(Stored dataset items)
________________________________________
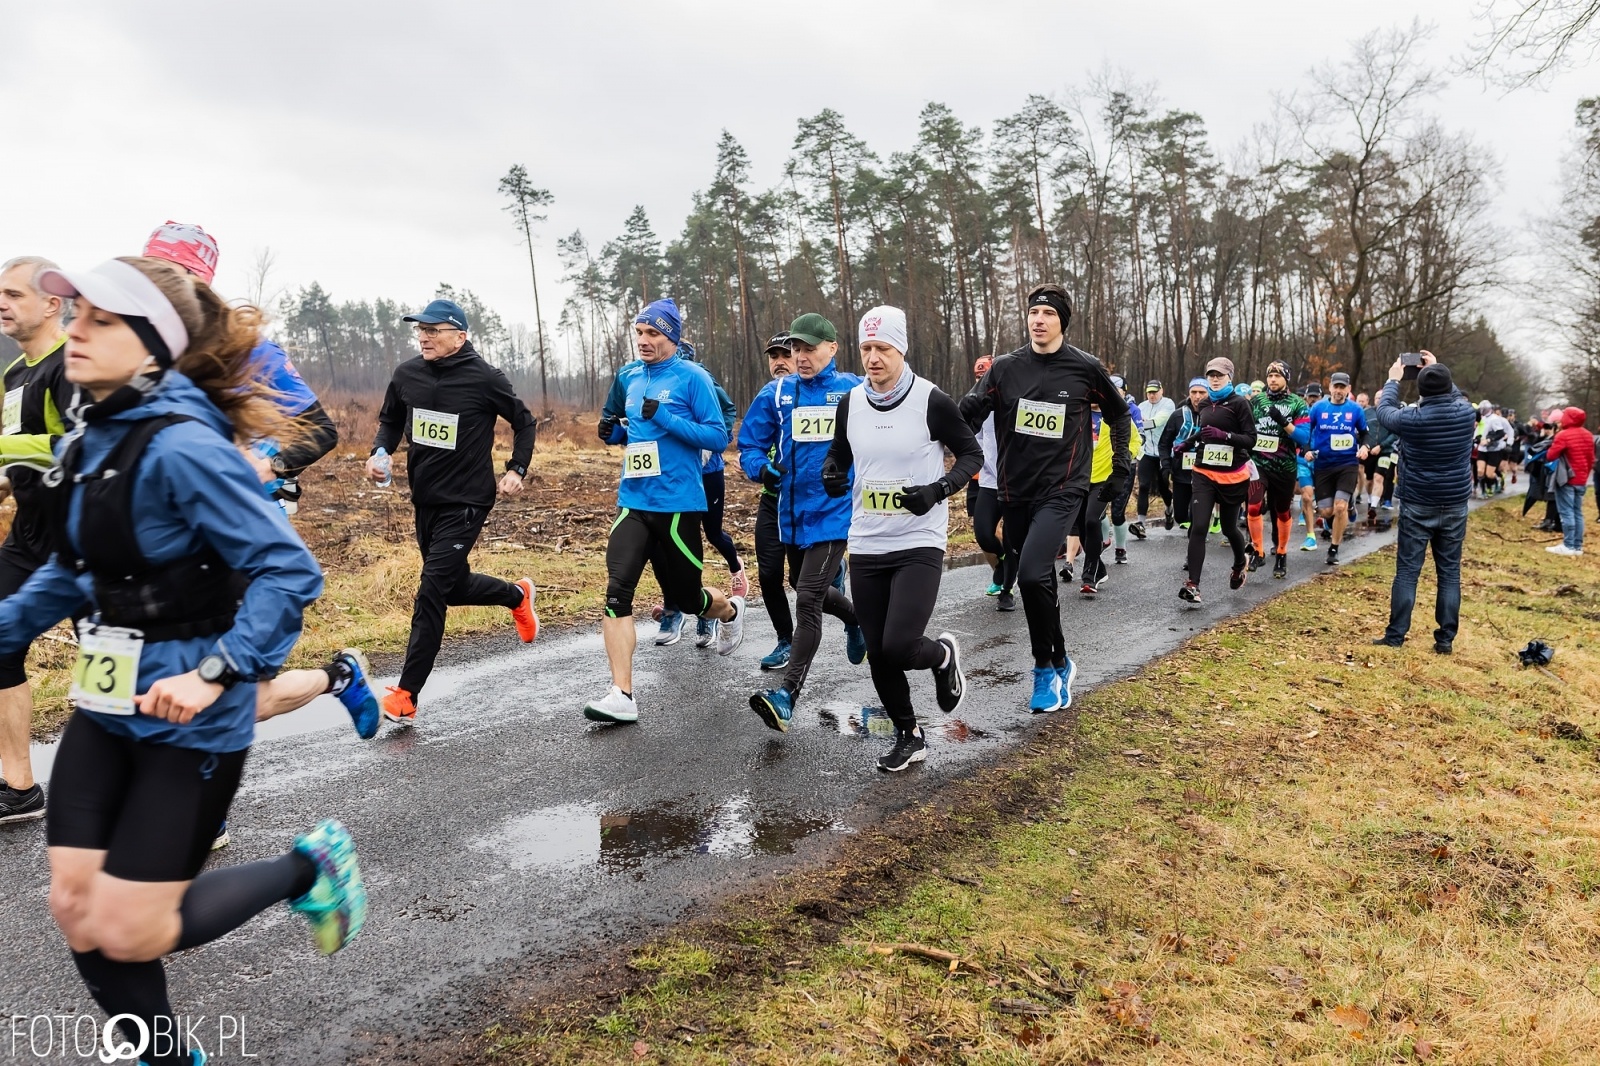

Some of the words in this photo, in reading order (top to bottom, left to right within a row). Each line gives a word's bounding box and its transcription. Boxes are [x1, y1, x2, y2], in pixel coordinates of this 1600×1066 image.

[800, 418, 835, 434] 217
[1023, 412, 1057, 431] 206
[419, 421, 449, 441] 165
[1257, 439, 1275, 449] 227
[1335, 439, 1351, 447] 212
[1208, 451, 1228, 462] 244
[868, 491, 904, 510] 176
________________________________________
**WHAT THE EXERCISE ASKS:**
With the pictures set aside, repeat every entry above exactly.

**TASK SOLUTION:**
Some of the words in this photo, in reading order (top to bottom, left to right within a row). Each line gives a word's bounding box and its transcription. Boxes are [x1, y1, x2, y2], in pixel coordinates of this 1600×1066 image.

[800, 418, 835, 434] 217
[1023, 412, 1057, 431] 206
[419, 421, 449, 441] 165
[1257, 439, 1275, 449] 227
[1335, 439, 1351, 447] 212
[1208, 451, 1228, 462] 244
[868, 491, 904, 510] 176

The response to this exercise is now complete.